GOAL OF THE EXERCISE
Retype each entry exactly.

Stored items:
Content starts

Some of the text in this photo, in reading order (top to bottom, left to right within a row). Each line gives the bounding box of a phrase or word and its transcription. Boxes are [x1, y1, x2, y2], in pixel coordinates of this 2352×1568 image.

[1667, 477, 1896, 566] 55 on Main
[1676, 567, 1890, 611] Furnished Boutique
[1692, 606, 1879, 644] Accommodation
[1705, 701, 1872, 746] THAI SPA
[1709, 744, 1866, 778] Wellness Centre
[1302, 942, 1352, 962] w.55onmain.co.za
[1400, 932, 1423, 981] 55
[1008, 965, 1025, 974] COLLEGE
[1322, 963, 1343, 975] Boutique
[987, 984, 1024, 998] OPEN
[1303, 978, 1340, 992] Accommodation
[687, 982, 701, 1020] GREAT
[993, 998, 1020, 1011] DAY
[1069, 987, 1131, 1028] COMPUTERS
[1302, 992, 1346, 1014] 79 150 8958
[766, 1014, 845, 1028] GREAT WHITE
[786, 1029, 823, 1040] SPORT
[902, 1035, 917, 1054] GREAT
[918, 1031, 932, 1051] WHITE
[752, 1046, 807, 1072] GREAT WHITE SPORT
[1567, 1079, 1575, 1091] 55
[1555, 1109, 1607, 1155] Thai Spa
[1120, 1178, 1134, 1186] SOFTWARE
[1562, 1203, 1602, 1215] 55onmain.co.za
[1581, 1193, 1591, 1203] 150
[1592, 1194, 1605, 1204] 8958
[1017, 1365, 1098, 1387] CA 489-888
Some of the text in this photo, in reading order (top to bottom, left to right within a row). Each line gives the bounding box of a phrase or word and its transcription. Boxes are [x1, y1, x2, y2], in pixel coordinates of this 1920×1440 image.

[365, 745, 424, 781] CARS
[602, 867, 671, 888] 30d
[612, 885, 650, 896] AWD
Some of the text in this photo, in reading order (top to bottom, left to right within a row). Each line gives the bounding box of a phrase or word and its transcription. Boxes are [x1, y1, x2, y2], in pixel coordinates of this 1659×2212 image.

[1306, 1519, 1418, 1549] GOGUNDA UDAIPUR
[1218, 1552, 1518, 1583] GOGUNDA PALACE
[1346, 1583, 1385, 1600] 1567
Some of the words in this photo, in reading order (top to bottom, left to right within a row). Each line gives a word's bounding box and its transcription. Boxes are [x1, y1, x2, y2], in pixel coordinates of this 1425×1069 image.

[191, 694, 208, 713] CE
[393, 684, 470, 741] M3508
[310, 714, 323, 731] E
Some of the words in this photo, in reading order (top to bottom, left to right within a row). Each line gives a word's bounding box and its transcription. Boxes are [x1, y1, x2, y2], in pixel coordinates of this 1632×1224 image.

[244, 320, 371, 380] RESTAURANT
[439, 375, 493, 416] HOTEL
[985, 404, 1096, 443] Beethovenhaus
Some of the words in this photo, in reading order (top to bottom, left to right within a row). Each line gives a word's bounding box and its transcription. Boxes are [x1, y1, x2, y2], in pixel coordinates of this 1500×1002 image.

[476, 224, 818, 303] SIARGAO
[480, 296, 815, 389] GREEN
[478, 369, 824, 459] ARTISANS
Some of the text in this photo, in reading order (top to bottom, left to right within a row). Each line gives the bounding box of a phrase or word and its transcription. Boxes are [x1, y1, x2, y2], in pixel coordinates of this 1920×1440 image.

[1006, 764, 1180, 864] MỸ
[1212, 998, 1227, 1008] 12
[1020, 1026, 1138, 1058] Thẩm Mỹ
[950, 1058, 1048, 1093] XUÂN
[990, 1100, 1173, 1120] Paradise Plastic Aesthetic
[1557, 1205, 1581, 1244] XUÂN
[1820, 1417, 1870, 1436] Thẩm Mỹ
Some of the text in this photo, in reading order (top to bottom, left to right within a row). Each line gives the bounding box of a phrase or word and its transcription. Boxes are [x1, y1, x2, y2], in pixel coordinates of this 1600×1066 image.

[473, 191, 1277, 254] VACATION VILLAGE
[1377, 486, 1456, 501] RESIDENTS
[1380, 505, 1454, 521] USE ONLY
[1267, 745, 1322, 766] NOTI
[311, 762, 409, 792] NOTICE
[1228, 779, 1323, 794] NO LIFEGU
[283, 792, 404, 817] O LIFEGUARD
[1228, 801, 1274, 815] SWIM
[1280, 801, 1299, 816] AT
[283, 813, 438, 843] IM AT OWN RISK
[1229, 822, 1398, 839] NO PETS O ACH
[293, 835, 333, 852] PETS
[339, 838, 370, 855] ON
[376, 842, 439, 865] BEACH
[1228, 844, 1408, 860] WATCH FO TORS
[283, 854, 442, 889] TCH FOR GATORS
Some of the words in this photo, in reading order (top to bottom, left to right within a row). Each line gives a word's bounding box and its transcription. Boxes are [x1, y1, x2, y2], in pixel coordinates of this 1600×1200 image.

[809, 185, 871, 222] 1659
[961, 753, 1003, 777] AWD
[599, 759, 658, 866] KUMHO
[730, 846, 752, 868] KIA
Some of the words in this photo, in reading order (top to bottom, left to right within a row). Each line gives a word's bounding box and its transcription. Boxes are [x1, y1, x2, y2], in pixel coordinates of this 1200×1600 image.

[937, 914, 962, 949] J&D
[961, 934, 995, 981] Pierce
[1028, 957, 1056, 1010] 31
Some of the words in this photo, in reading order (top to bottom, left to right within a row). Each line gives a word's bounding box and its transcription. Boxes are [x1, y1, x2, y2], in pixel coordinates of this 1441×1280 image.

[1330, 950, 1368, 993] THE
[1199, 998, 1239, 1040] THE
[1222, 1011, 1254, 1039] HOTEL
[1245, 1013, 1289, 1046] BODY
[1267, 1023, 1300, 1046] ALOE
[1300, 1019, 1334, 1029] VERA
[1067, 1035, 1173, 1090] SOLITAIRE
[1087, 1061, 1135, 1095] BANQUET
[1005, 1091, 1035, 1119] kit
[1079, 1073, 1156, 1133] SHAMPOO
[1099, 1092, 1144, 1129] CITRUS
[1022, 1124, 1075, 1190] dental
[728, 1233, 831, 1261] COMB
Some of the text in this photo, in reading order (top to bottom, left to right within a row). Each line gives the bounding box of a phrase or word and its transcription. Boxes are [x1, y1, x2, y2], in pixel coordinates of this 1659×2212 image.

Content ends

WRITTEN REPLY
Some of the text in this photo, in reading order (top to bottom, left to right within a row). Each line gives the bounding box of a phrase or word and its transcription. Boxes are [x1, y1, x2, y2], in pixel coordinates of this 2352×1568 image.

[1667, 477, 1896, 566] 55 on Main
[1676, 567, 1890, 611] Furnished Boutique
[1692, 606, 1879, 644] Accommodation
[1705, 701, 1872, 746] THAI SPA
[1709, 744, 1866, 778] Wellness Centre
[1302, 942, 1352, 962] w.55onmain.co.za
[1400, 932, 1423, 981] 55
[1008, 965, 1025, 974] COLLEGE
[1322, 963, 1343, 975] Boutique
[987, 984, 1024, 998] OPEN
[1303, 978, 1340, 992] Accommodation
[687, 982, 701, 1020] GREAT
[993, 998, 1020, 1011] DAY
[1069, 987, 1131, 1028] COMPUTERS
[1302, 992, 1346, 1014] 79 150 8958
[766, 1014, 845, 1028] GREAT WHITE
[786, 1029, 823, 1040] SPORT
[902, 1035, 917, 1054] GREAT
[918, 1031, 932, 1051] WHITE
[752, 1046, 807, 1072] GREAT WHITE SPORT
[1567, 1079, 1575, 1091] 55
[1555, 1109, 1607, 1155] Thai Spa
[1120, 1178, 1134, 1186] SOFTWARE
[1562, 1203, 1602, 1215] 55onmain.co.za
[1581, 1193, 1591, 1203] 150
[1592, 1194, 1605, 1204] 8958
[1017, 1365, 1098, 1387] CA 489-888
Some of the text in this photo, in reading order (top to bottom, left to right within a row). Each line gives the bounding box of a phrase or word and its transcription. Boxes are [x1, y1, x2, y2], in pixel coordinates of this 1920×1440 image.

[365, 745, 424, 781] CARS
[602, 867, 671, 888] 30d
[612, 885, 650, 896] AWD
Some of the text in this photo, in reading order (top to bottom, left to right within a row). Each line gives the bounding box of a phrase or word and its transcription. Boxes are [x1, y1, x2, y2], in pixel coordinates of this 1659×2212 image.

[1306, 1519, 1418, 1549] GOGUNDA UDAIPUR
[1218, 1552, 1518, 1583] GOGUNDA PALACE
[1346, 1583, 1385, 1600] 1567
Some of the words in this photo, in reading order (top to bottom, left to right within a row). Each line gives a word's bounding box and its transcription. Boxes are [x1, y1, x2, y2], in pixel coordinates of this 1425×1069 image.

[191, 694, 208, 713] CE
[393, 684, 470, 741] M3508
[310, 714, 323, 731] E
Some of the words in this photo, in reading order (top to bottom, left to right within a row). Each line gives a word's bounding box and its transcription. Boxes are [x1, y1, x2, y2], in pixel coordinates of this 1632×1224 image.

[244, 320, 371, 380] RESTAURANT
[439, 375, 493, 416] HOTEL
[985, 404, 1096, 443] Beethovenhaus
Some of the words in this photo, in reading order (top to bottom, left to right within a row). Each line gives a word's bounding box and its transcription. Boxes are [x1, y1, x2, y2], in pixel coordinates of this 1500×1002 image.

[476, 224, 818, 303] SIARGAO
[480, 296, 815, 389] GREEN
[478, 369, 824, 459] ARTISANS
Some of the text in this photo, in reading order (top to bottom, left to right within a row). Each line gives the bounding box of a phrase or word and its transcription. Boxes are [x1, y1, x2, y2], in pixel coordinates of this 1920×1440 image.

[1006, 764, 1180, 864] MỸ
[1212, 998, 1227, 1008] 12
[1020, 1026, 1138, 1058] Thẩm Mỹ
[950, 1058, 1048, 1093] XUÂN
[990, 1100, 1173, 1120] Paradise Plastic Aesthetic
[1557, 1205, 1581, 1244] XUÂN
[1820, 1417, 1870, 1436] Thẩm Mỹ
Some of the text in this photo, in reading order (top to bottom, left to right within a row). Each line gives the bounding box of a phrase or word and its transcription. Boxes are [x1, y1, x2, y2], in pixel coordinates of this 1600×1066 image.

[473, 191, 1277, 254] VACATION VILLAGE
[1377, 486, 1456, 501] RESIDENTS
[1380, 505, 1454, 521] USE ONLY
[1267, 745, 1322, 766] NOTI
[311, 762, 409, 792] NOTICE
[1228, 779, 1323, 794] NO LIFEGU
[283, 792, 404, 817] O LIFEGUARD
[1228, 801, 1274, 815] SWIM
[1280, 801, 1299, 816] AT
[283, 813, 438, 843] IM AT OWN RISK
[1229, 822, 1398, 839] NO PETS O ACH
[293, 835, 333, 852] PETS
[339, 838, 370, 855] ON
[376, 842, 439, 865] BEACH
[1228, 844, 1408, 860] WATCH FO TORS
[283, 854, 442, 889] TCH FOR GATORS
Some of the words in this photo, in reading order (top to bottom, left to right within a row). Each line gives a word's bounding box and its transcription. Boxes are [x1, y1, x2, y2], in pixel coordinates of this 1600×1200 image.

[809, 185, 871, 222] 1659
[961, 753, 1003, 777] AWD
[599, 759, 658, 866] KUMHO
[730, 846, 752, 868] KIA
Some of the words in this photo, in reading order (top to bottom, left to right within a row). Each line gives a word's bounding box and its transcription. Boxes are [x1, y1, x2, y2], in pixel coordinates of this 1200×1600 image.

[937, 914, 962, 949] J&D
[961, 934, 995, 981] Pierce
[1028, 957, 1056, 1010] 31
Some of the words in this photo, in reading order (top to bottom, left to right within a row). Each line gives a word's bounding box and its transcription. Boxes are [x1, y1, x2, y2], in pixel coordinates of this 1441×1280 image.

[1330, 950, 1368, 993] THE
[1199, 998, 1239, 1040] THE
[1222, 1011, 1254, 1039] HOTEL
[1245, 1013, 1289, 1046] BODY
[1267, 1023, 1300, 1046] ALOE
[1300, 1019, 1334, 1029] VERA
[1067, 1035, 1173, 1090] SOLITAIRE
[1087, 1061, 1135, 1095] BANQUET
[1005, 1091, 1035, 1119] kit
[1079, 1073, 1156, 1133] SHAMPOO
[1099, 1092, 1144, 1129] CITRUS
[1022, 1124, 1075, 1190] dental
[728, 1233, 831, 1261] COMB
Some of the text in this photo, in reading order (top to bottom, left to right within a row). Each line gives the bounding box of a phrase or word and its transcription. Boxes are [x1, y1, x2, y2], in pixel coordinates of this 1659×2212 image.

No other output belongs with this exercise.